Non era la prima volta che si prendeva quel gusto: uscì quindi nel cortile senza troppo affrettarsi, dopo aver tolto il latte dal fornellino e coperto il fuoco, e s’avanzò cauto lungo il muro, fino alla porta di Columba.
Il cielo si colorava sopra la straducola, in fondo alla quale si vedeva una lontana cima di monte rossa come un bocciuolo di rosa. L’aurora trionfante di maggio saliva dal mare, e tutto le cose stanche dal vento ch’era appena cessato pareva l’accogliessero stupite più che liete. Nel silenzio, — anche i cani e i galli tacevano. — si sentiva la voce di Columba ma lontana, dal portico, e solo si distingueva qualche parola; a un tratto però la voce del nonno tonò in cucina, così forte che Pretu si scostò di là spaventato.
— Tu sei pazza, nipote mia; che sogni hai fatto stanotte?
La voce di Columba brontolava laggiù; spinto da un’ispirazione felice Pretu rientrò nel cortile e s’arrampicò sul muro, a costo di esser veduto dalla ragazza. Ah, di lassù si sentiva bene: sporgendo un po’ la testa egli poteva anche veder Columba che rimetteva in ordine alcuni oggetti e attaccava ai piuoli la sella, il freno, le bisacce. Il vecchio cavallo del nonno ruminava l’erba, insensibile alle vicende dei suoi padroni.

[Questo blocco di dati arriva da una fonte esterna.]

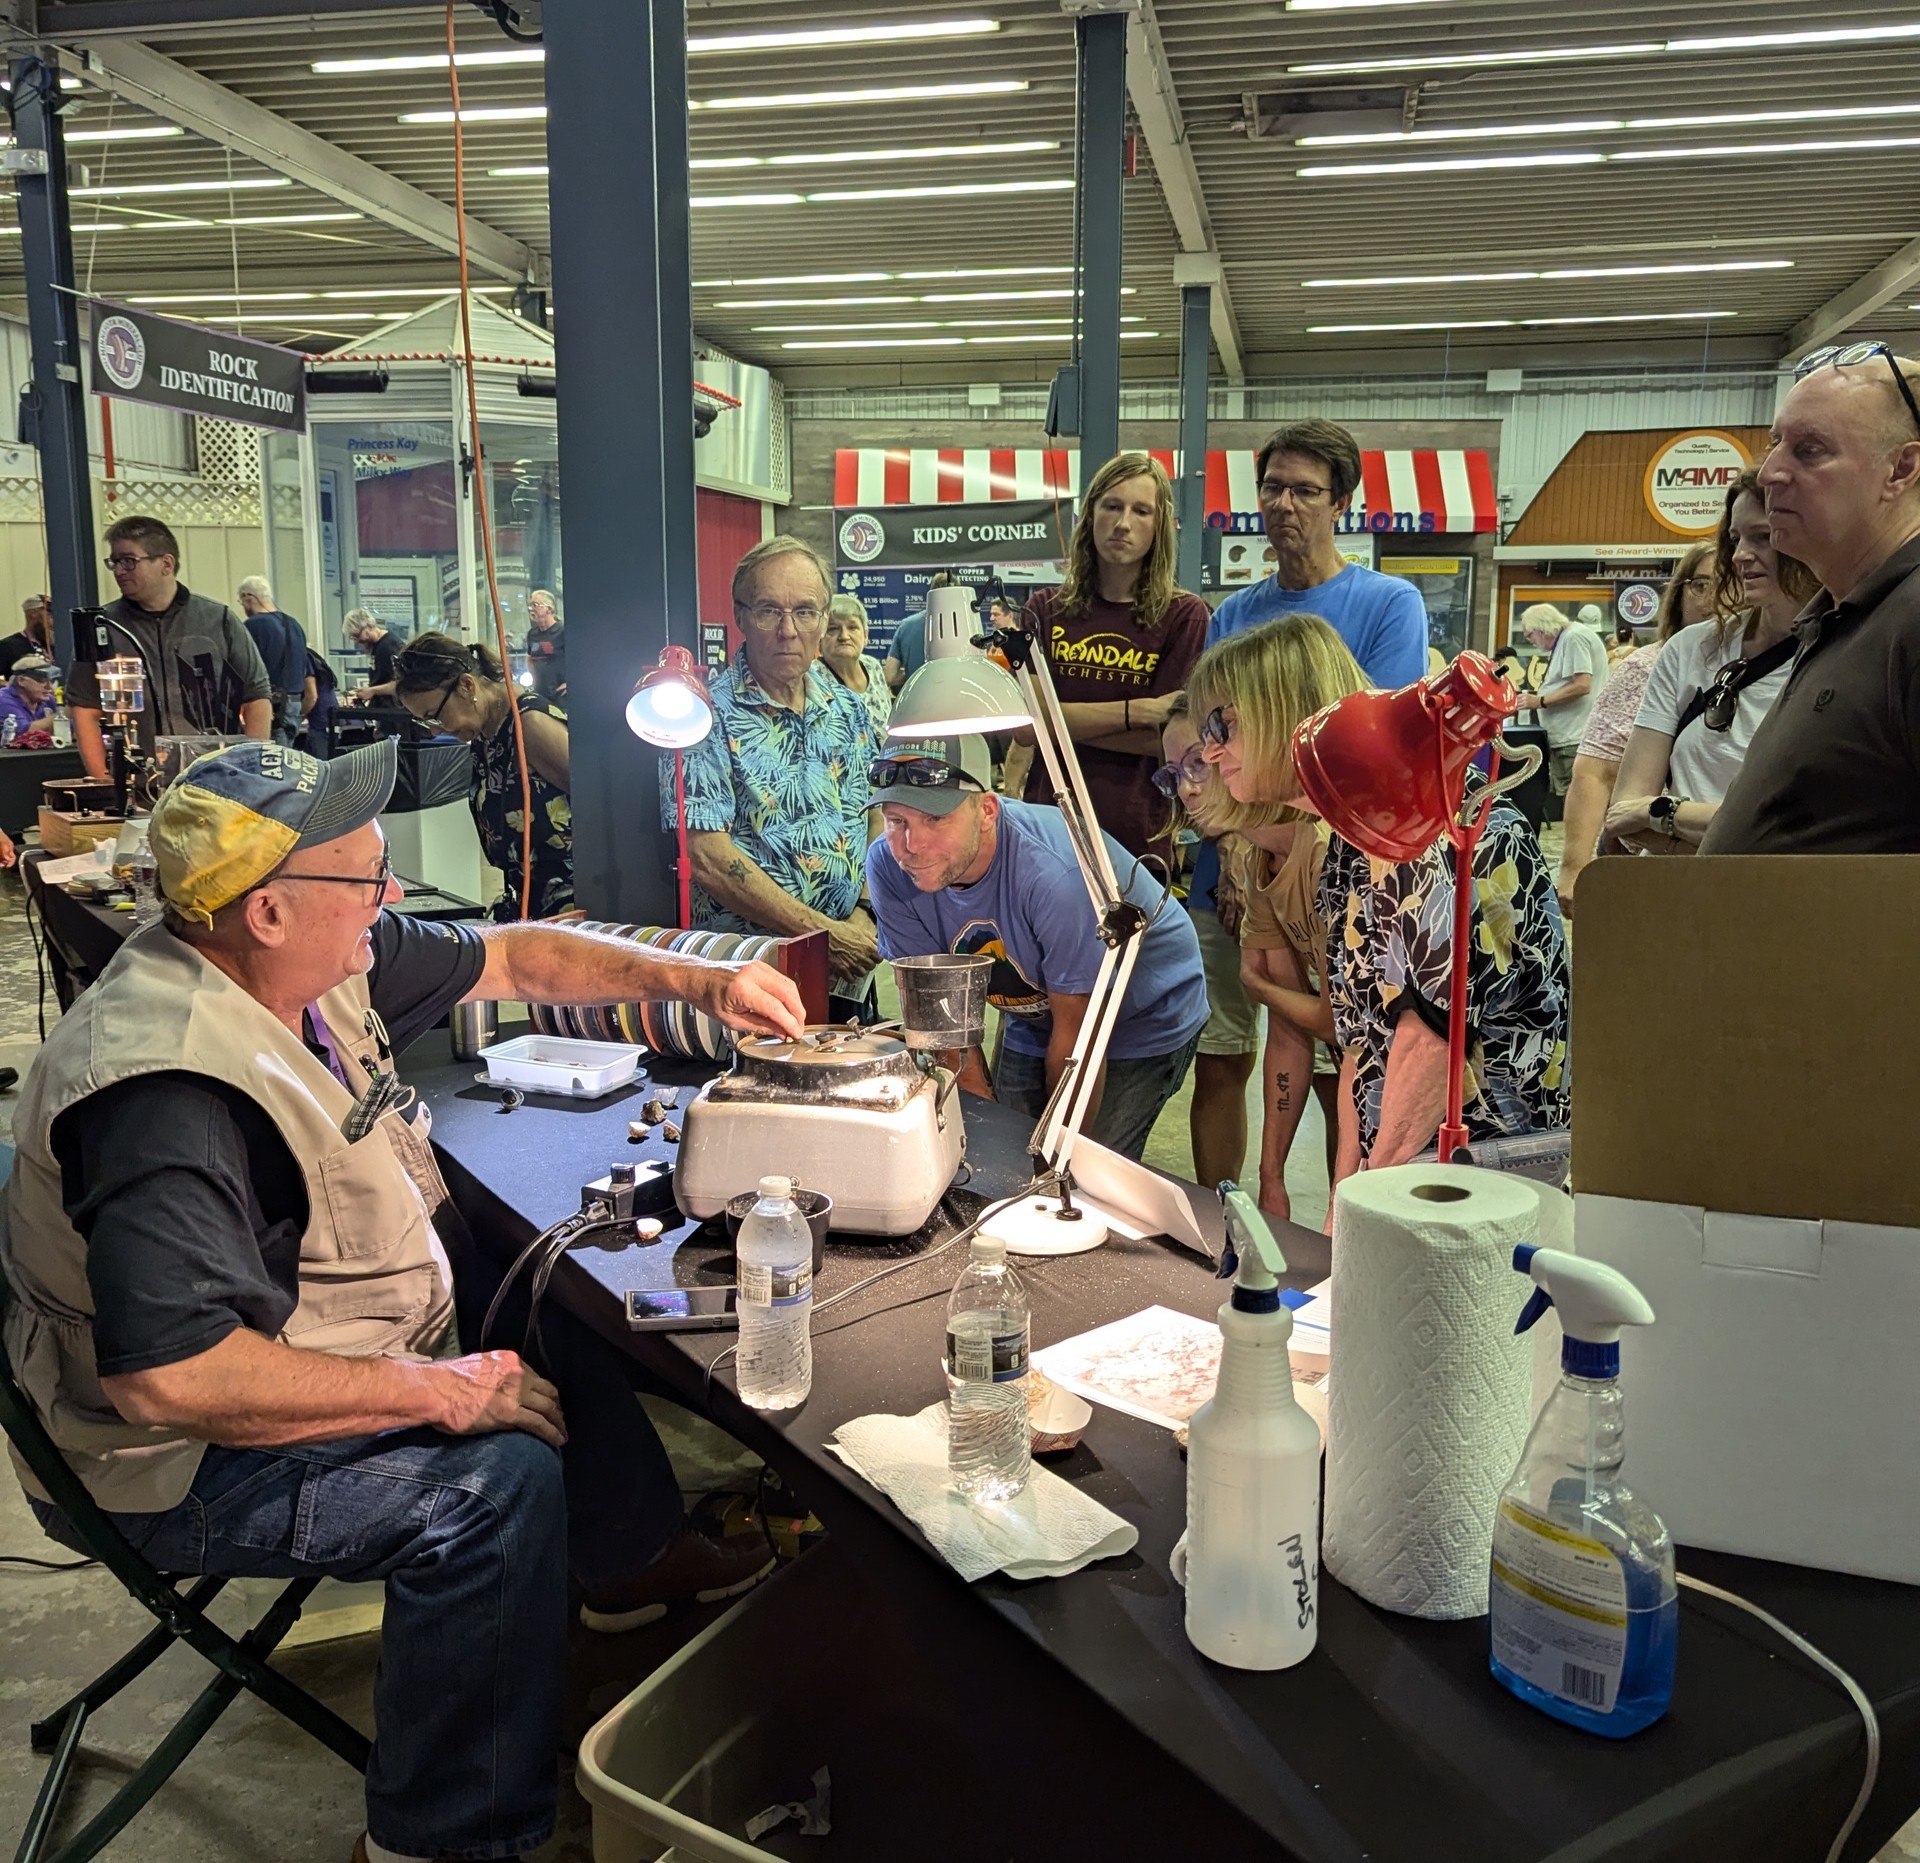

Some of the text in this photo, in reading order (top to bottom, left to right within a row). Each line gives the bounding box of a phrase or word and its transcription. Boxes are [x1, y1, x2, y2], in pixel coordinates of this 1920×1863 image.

[208, 350, 259, 381] ROCK
[160, 365, 296, 414] IDENTIFICATION
[347, 438, 419, 451] Princess Kay
[1656, 467, 1742, 487] MAMP
[1658, 501, 1699, 509] Organized
[912, 523, 1047, 544] KIDS' CORNER
[1595, 548, 1614, 556] See
[904, 573, 933, 585] Dairy
[1059, 665, 1151, 686] RCHESTRA

— Sì, brutti sogni ho fatto! — ella disse; e tacque; poi riprese più forte: — tutta la mia vita è un brutto sogno! Bella Pasqua di rose sarà la mia: rose piene di spine velenose.... Voi l’avete voluto.... Voi.... Voi.....Voi....
La sua voce rauca vibrava di dolore più che di collera, e il nonno dovette commuoversi perchè tornò a uscire nel portico e disse con tristezza ma anche con una certa solennità:
— Columbè, nipote mia! L’avevo detto già che non bisognava lasciarti sola! Il demonio ti accerchia, quando sei sola! ed è una brutta compagnia, quella! Chi è venuto da te? Cosa ti hanno raccontato?
— Nulla mi hanno raccontato. Volete sentirlo? Ho veduto io con questi occhi.... sì, sì... fate quel che volete, non vi temo più, babbu Corbu! L’ho veduto io quel disgraziato; è piccolo piccolo, come un bambino paralitico; è dentro la sua tomba come un agnellino ferito.... E voi gridate? Oh, gridate pure, come l’avvoltojo dopo che ha ferito l’agnello, ma Dio non paga giorno per giorno; e la punizione verrà!
— Verrà per te, lingua in infernale, donna pazza come il vento....
— Per me è venuta, babbu Corbu! Da molto è venuta, e verrà.... sempre più forte.... Ah, voi non volete lasciarmi sola perchè il demonio mi tormenta! Dunque lo sapete! Sì, sì, il demonio mi tormenta, giorno e notte, e non mi lascerà in pace finchè non morrò.... Ma chi l’ha voluto?
Voi.... Voi.... Voi....
Ella parve vacillare: appoggiò il braccio al muro come per non cadere, il viso sul braccio, e ricominciò a piangere.
Il vecchio taceva sbalordito. Andò accanto al cavallo, gli palpò il fianco, tornò nel portico: le sue dita s’aprivano e si chiudevano come artigli, ed egli sembrava combattuto dal desiderio e dal timore di bastonare la nipote.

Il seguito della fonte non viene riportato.